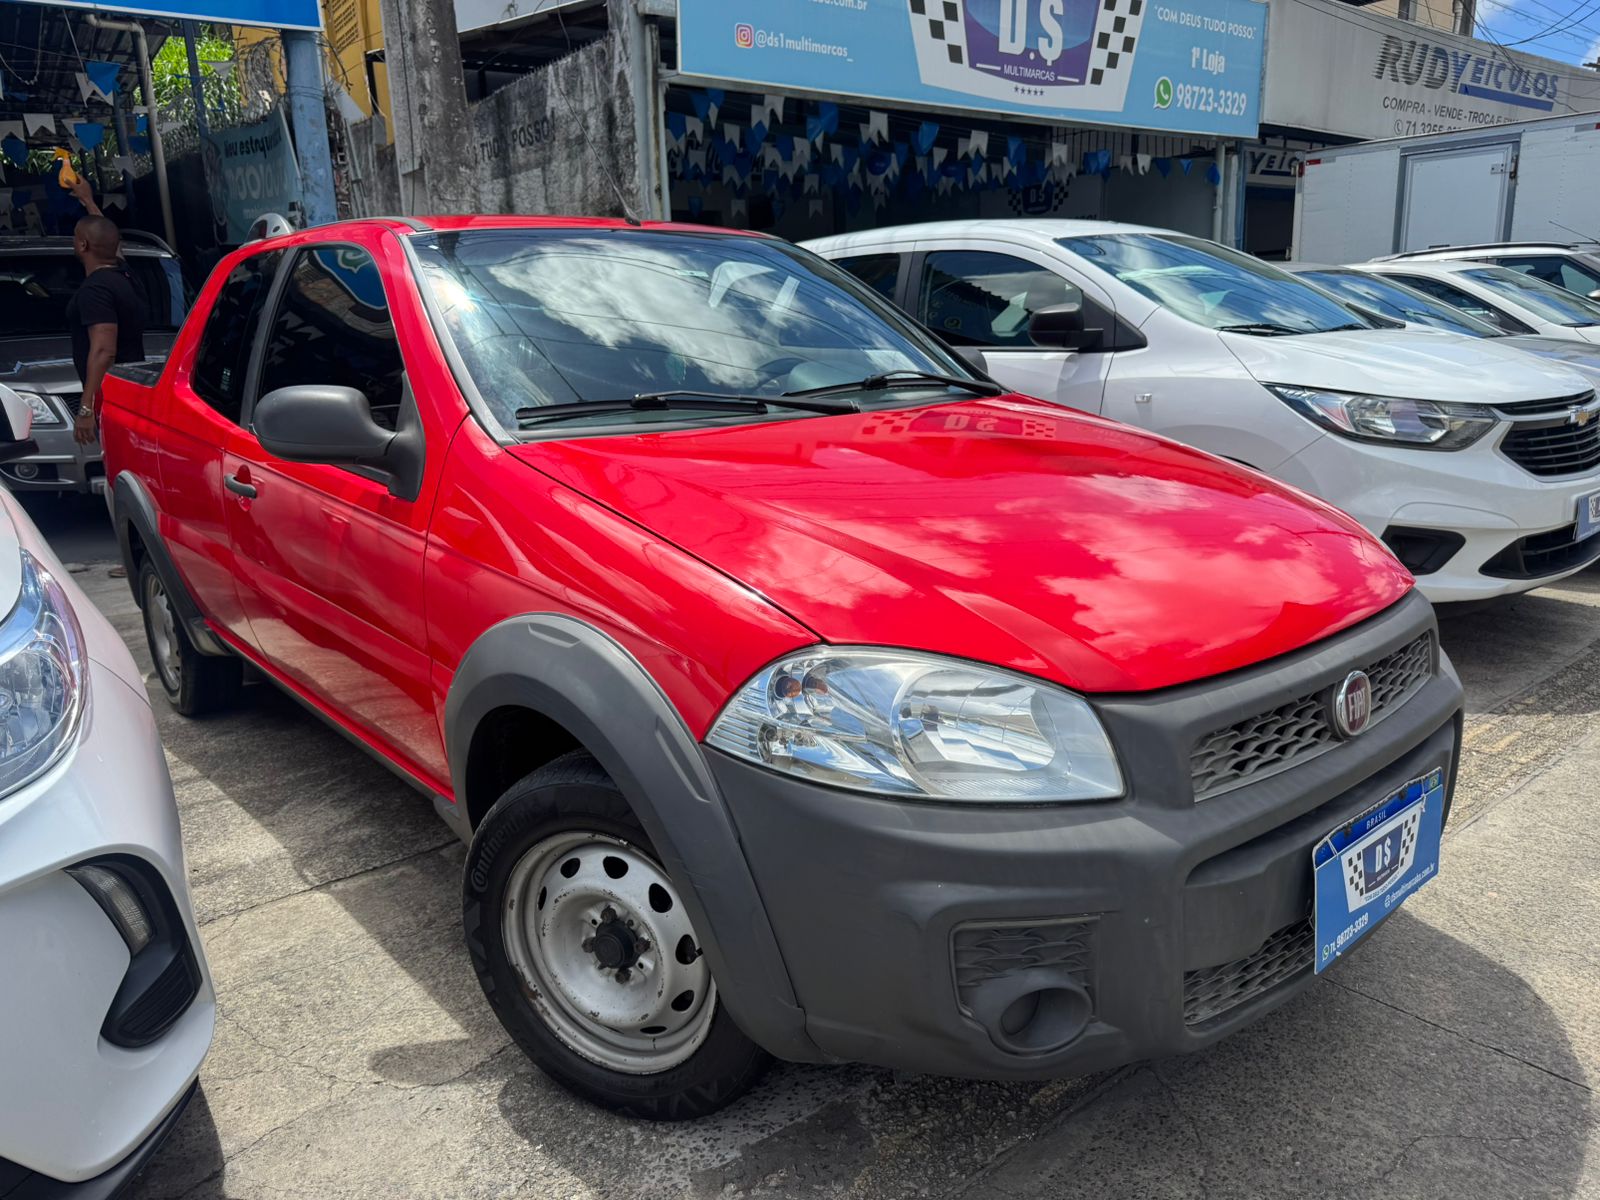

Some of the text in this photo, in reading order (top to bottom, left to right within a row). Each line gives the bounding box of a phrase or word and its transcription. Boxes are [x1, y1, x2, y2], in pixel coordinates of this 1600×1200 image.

[1179, 12, 1201, 28] DEUS
[1203, 17, 1226, 33] TUDO
[1003, 64, 1056, 81] MULTIMARCAS
[1202, 48, 1225, 75] Loja
[1176, 83, 1247, 116] 98723-3329
[1382, 96, 1426, 116] COMPRA
[1434, 104, 1463, 121] VENDE
[1347, 687, 1366, 722] FIAT
[1366, 810, 1387, 830] BRASIL
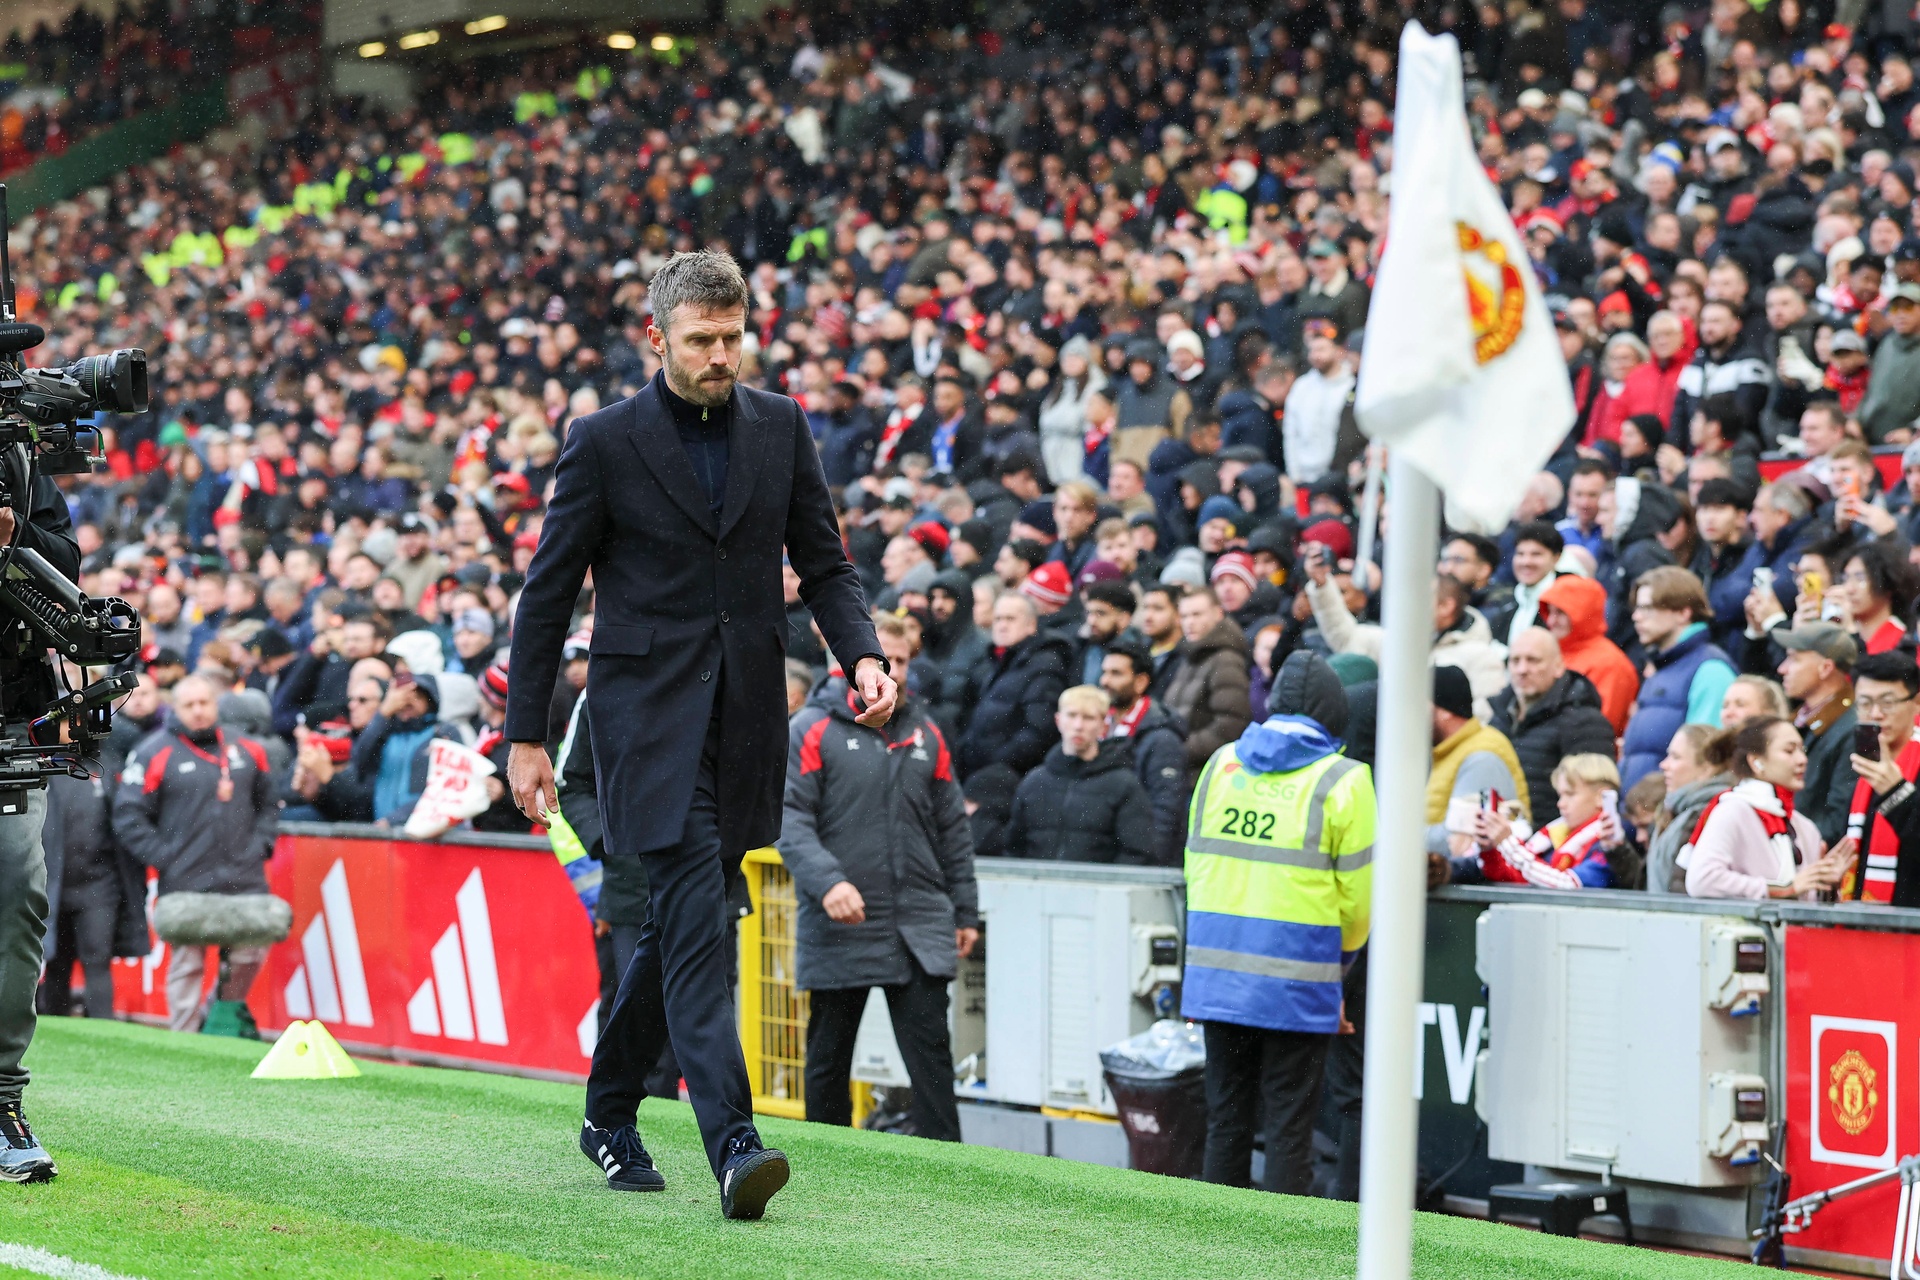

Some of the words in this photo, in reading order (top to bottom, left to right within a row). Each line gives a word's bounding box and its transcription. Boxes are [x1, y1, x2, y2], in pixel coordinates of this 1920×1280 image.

[20, 399, 37, 408] Canon
[1253, 778, 1297, 801] CSG
[1220, 807, 1276, 840] 282
[1838, 1112, 1868, 1128] UNITED
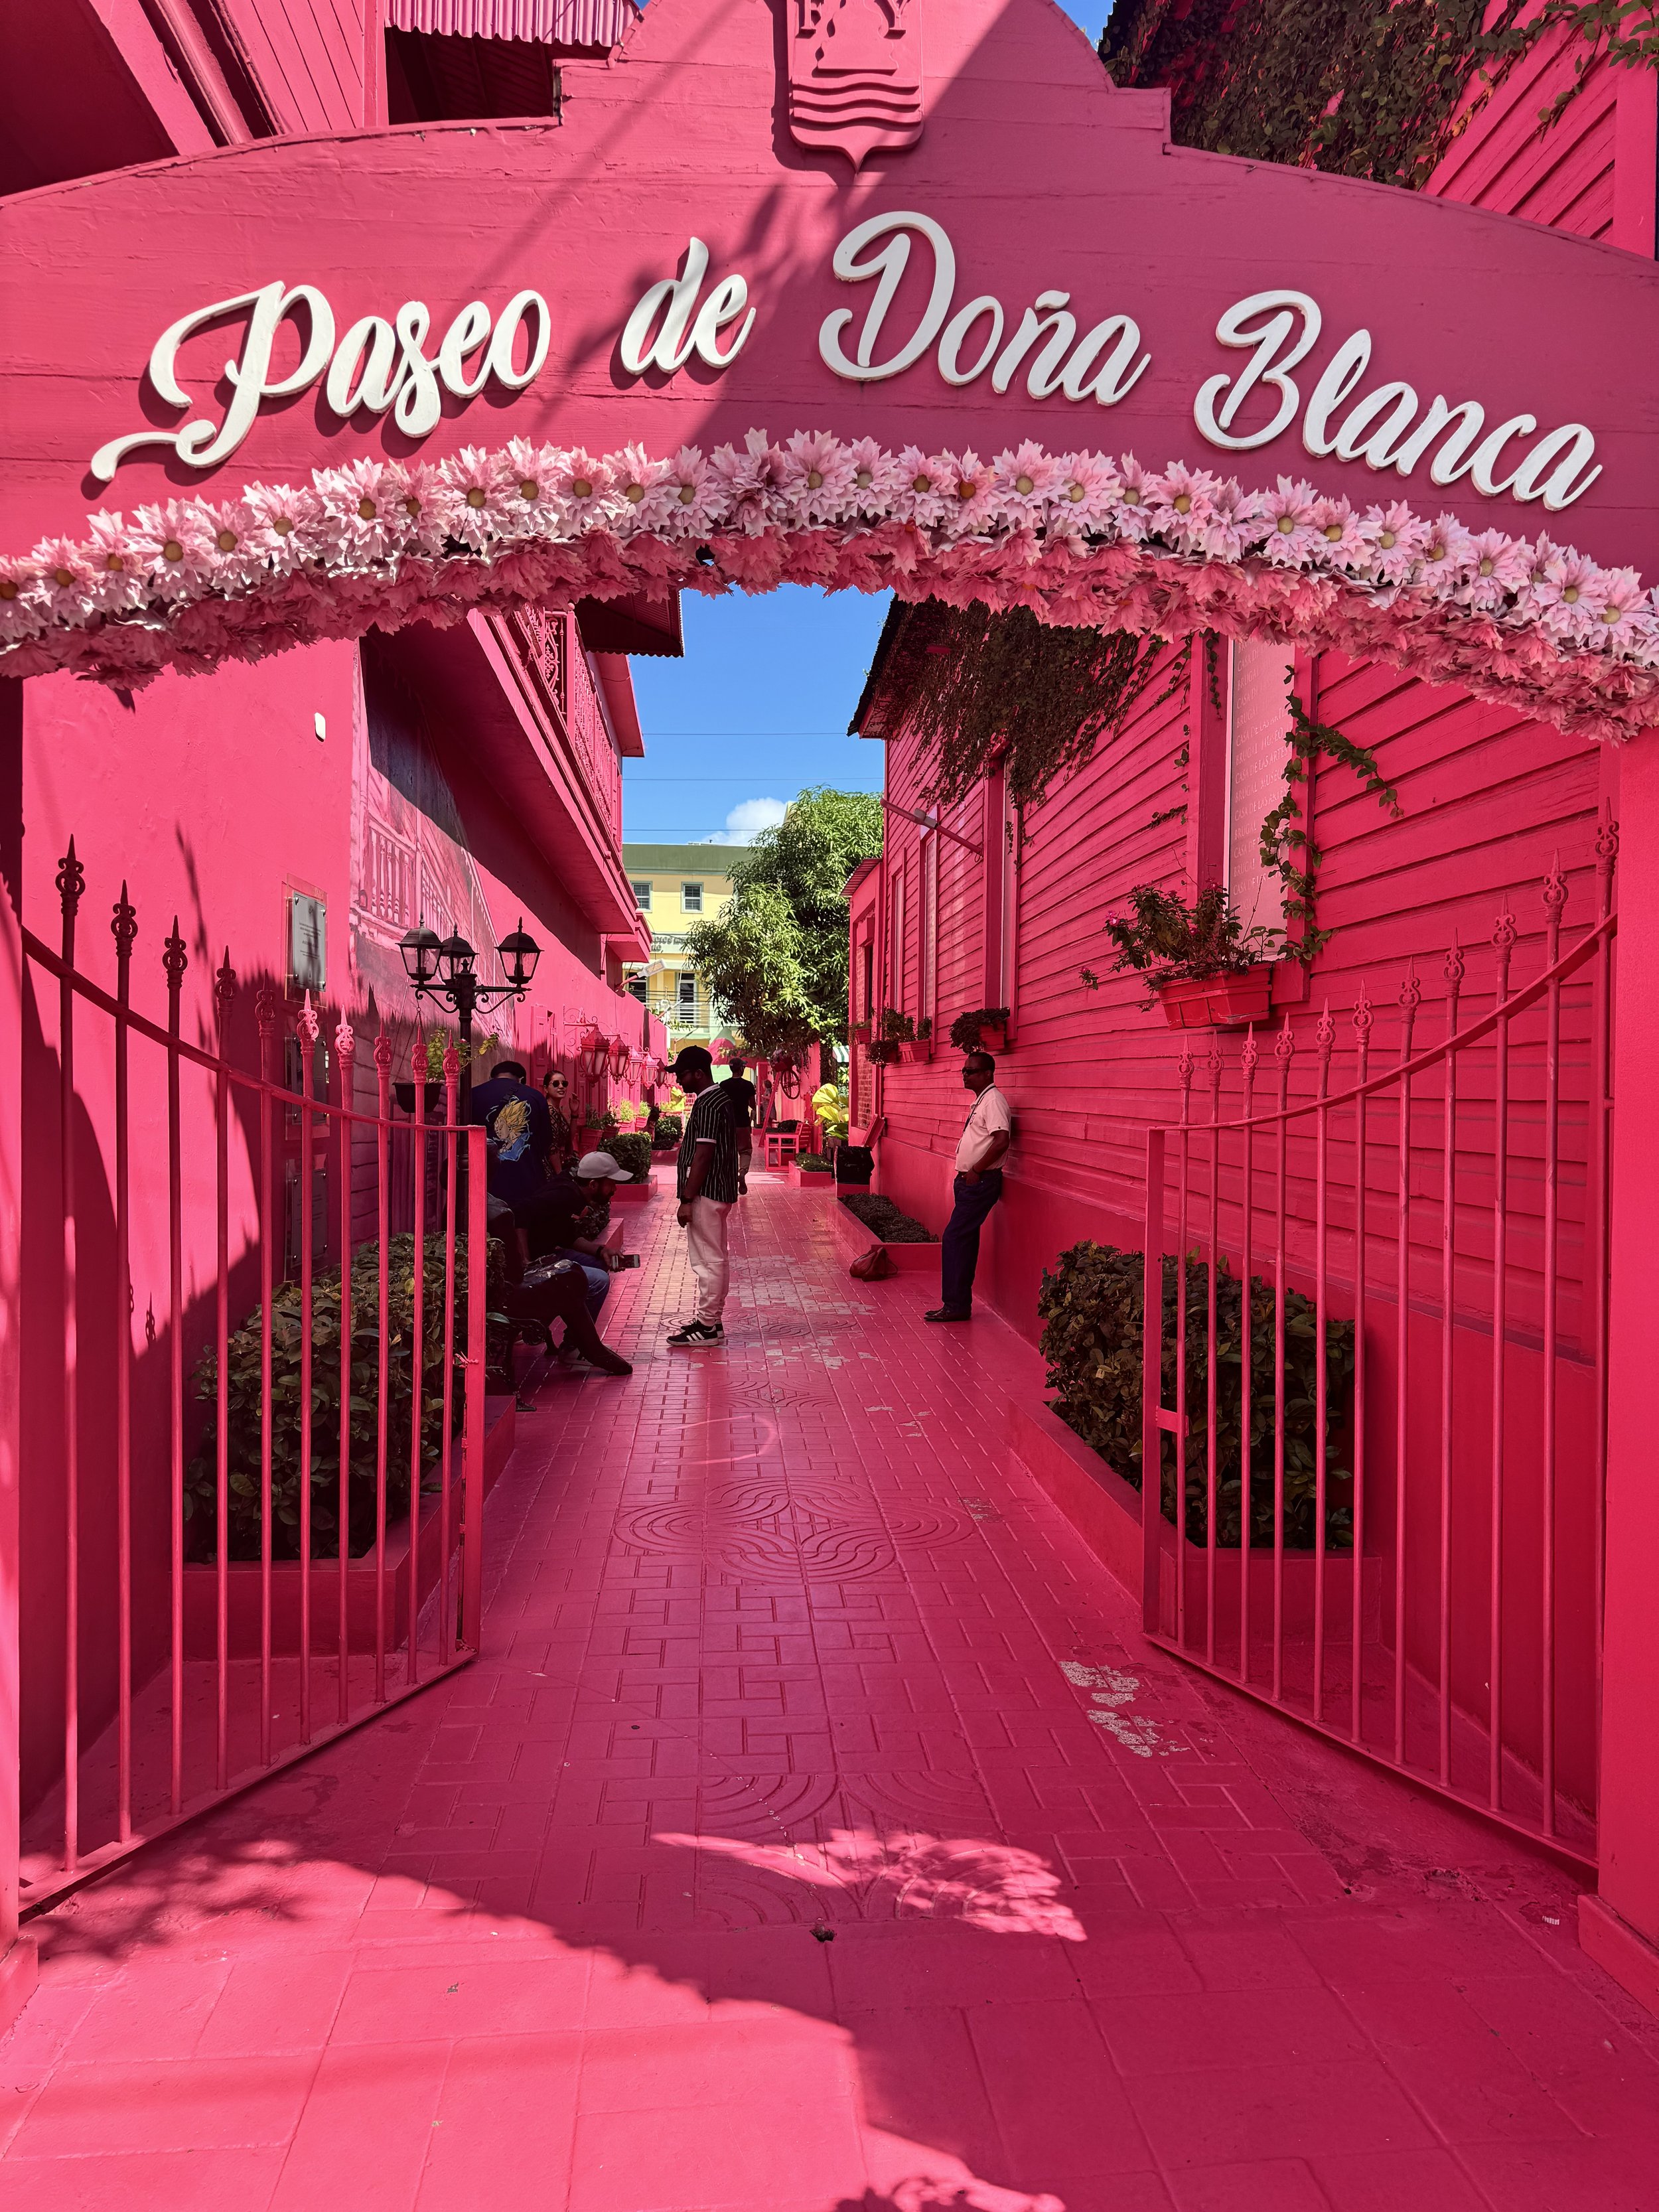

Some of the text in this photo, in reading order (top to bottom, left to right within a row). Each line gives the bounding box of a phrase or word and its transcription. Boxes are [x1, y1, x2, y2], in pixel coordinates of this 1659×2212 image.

[91, 210, 1603, 512] Paseo de Doña Blanca

========

Task
Return, word for word, the line containing "this 1659×2212 image." and all lines after it through the last line of the records, and nothing else.

Completed task
Some of the text in this photo, in reading order (top to bottom, left to right within a row). Each line gives the bounding box of a phrase or word and its transcription. Boxes are [x1, y1, x2, y2], in pixel coordinates of this 1659×2212 image.

[91, 210, 1603, 512] Paseo de Doña Blanca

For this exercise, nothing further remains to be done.